**Task statement:** The data below should be transcribed in full, with no picture included.
:: Data for processing
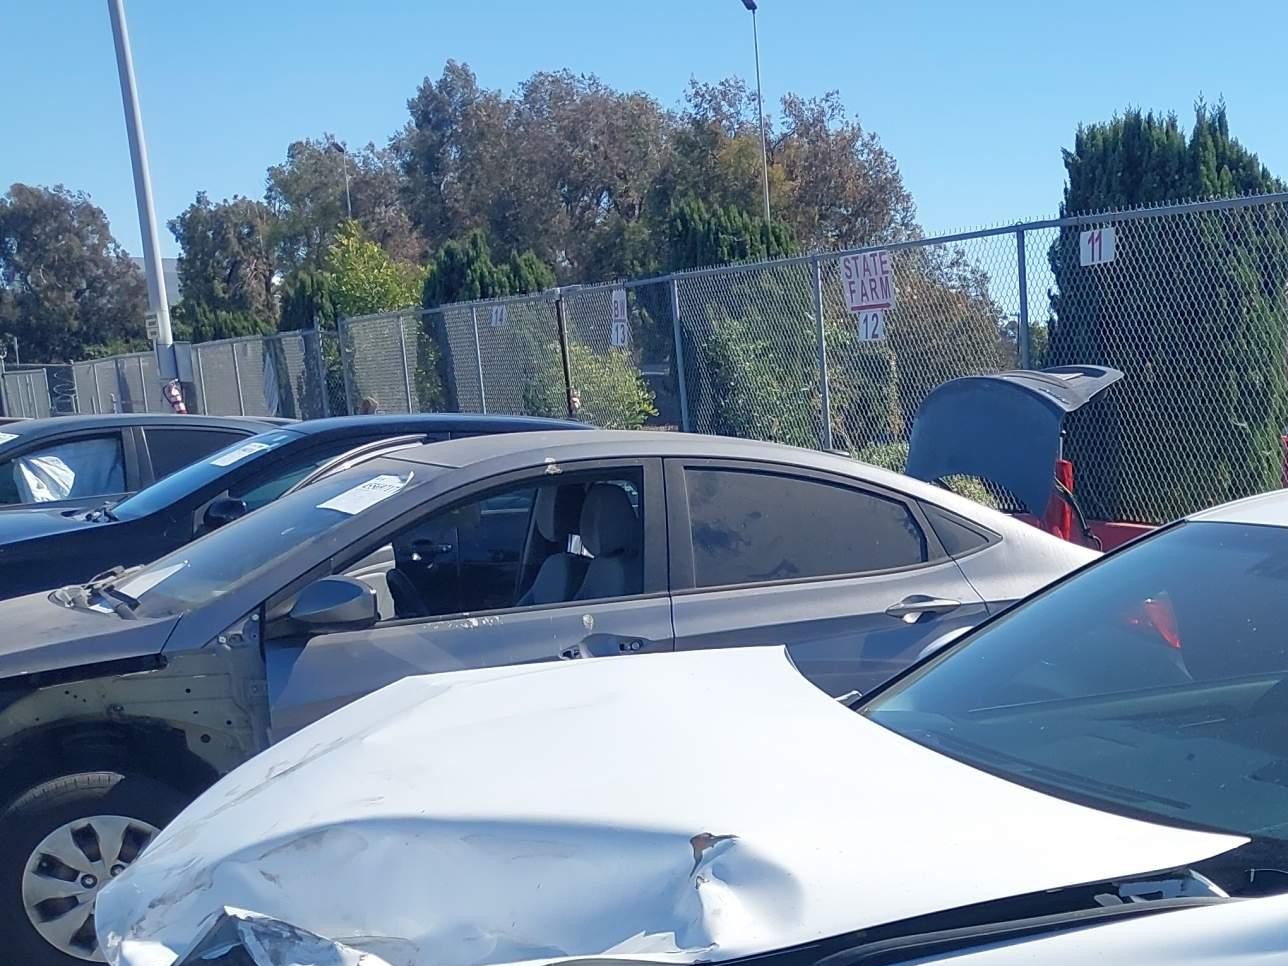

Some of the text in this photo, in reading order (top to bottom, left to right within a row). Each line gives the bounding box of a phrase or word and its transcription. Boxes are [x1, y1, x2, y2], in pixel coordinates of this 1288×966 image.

[1087, 231, 1103, 262] 11
[843, 251, 890, 280] STATE
[848, 276, 892, 304] FARM
[614, 323, 627, 345] 13
[862, 312, 880, 340] 12
::::
**Reply:**
Some of the text in this photo, in reading order (top to bottom, left to right within a row). Each line gives the bounding box of a phrase or word and its transcription. Boxes are [x1, y1, x2, y2], in pixel coordinates of this 1288×966 image.

[1087, 231, 1103, 262] 11
[843, 251, 890, 280] STATE
[848, 276, 892, 304] FARM
[614, 323, 627, 345] 13
[862, 312, 880, 340] 12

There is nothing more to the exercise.